In this FLEXINAR, Dr. Ian Tevis, CTO of SAFI-Tech, will be discussing their supercooled liquid metal microcapsules for electronics assembly that separate the use of metal solder from the high heat needed to melt it.
The capsules are approximately one micrometer in size and are comprised of liquid metal solder inside a robust, flexible nanofilm. The nanofilm keeps the metal solder in a liquid state at room temperature and below, far cooler than the point where it normally should be solid. Unlike current industry manufacturing practices that require significant heat in order to use metal solder or cure adhesives, NO heat is needed for SAFI-Tech microcapsules. Rupturing or dissolving the capsule shell allows the liquid metal inside to flow out, wet the contact surfaces, and solidify in a few seconds to create a full metallic interconnect.
Liquid metal cores contain solder alloys such as SnAgCu (SAC305) and BiSn and contain no lead, mercury, cadmium, or gallium. Using significantly lower temperatures in electronics manufacturing greatly broadens the design and materials choices available to unlock the door to many new opportunities. The result: smaller and more innovative devices with next generation features for sectors such as defense, automotive, consumer, aerospace, and health.
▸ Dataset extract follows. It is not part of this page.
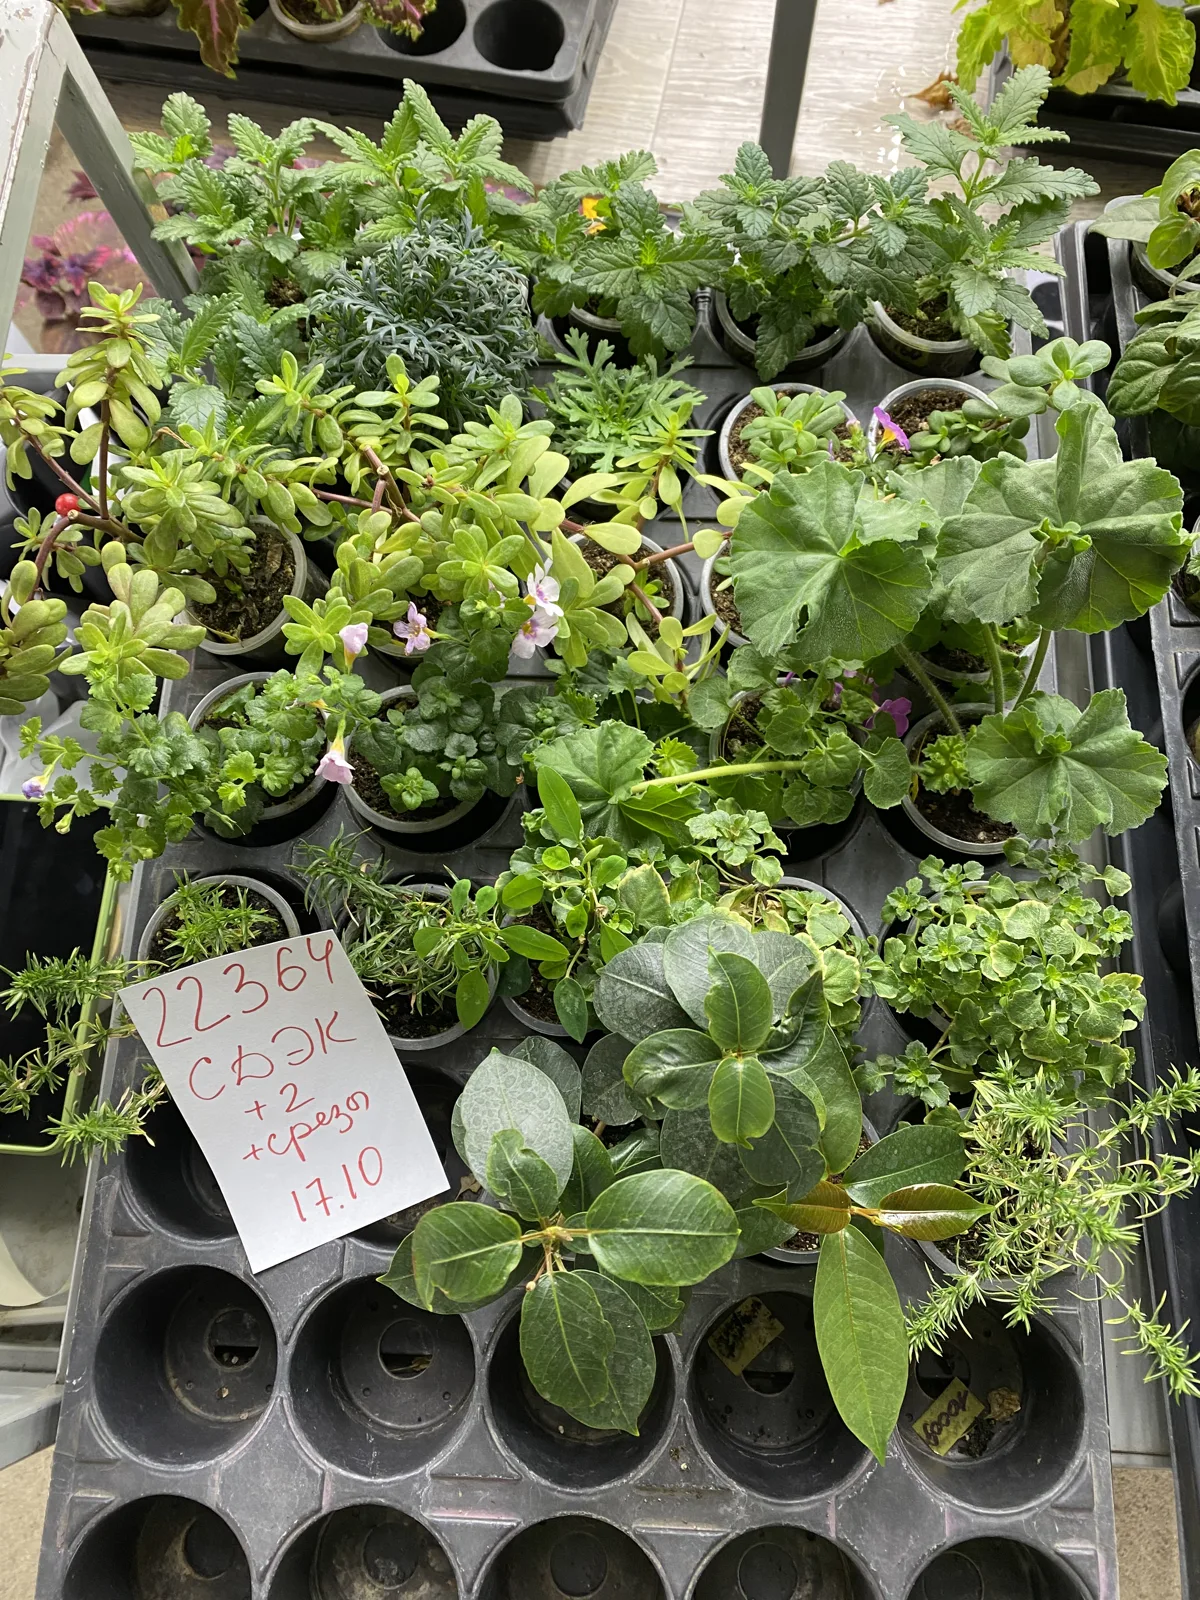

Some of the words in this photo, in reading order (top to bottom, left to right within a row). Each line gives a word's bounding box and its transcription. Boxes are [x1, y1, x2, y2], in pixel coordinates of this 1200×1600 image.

[142, 937, 334, 1048] 22364
[188, 1010, 357, 1101] СДЭК
[290, 1146, 383, 1222] 17.10
Dr. Ian Tevis is the CTO and Co-founder of SAFI-Tech. He is a Materials Chemist with a PhD from Northwestern University. Ian became very familiar with the challenges heat can give in electronics processing during his PhD thesis work on self-assembling small molecule based solar cells. Before starting SAFI-Tech, Ian was a research scientist at NanoIntegris Technologies working on process and product development of carbon nanotube inks. Ian has been working on supercooled liquid metal particle technology since 2015, first as a postdoc at Iowa State University and now as the CTO at SAFI-Tech.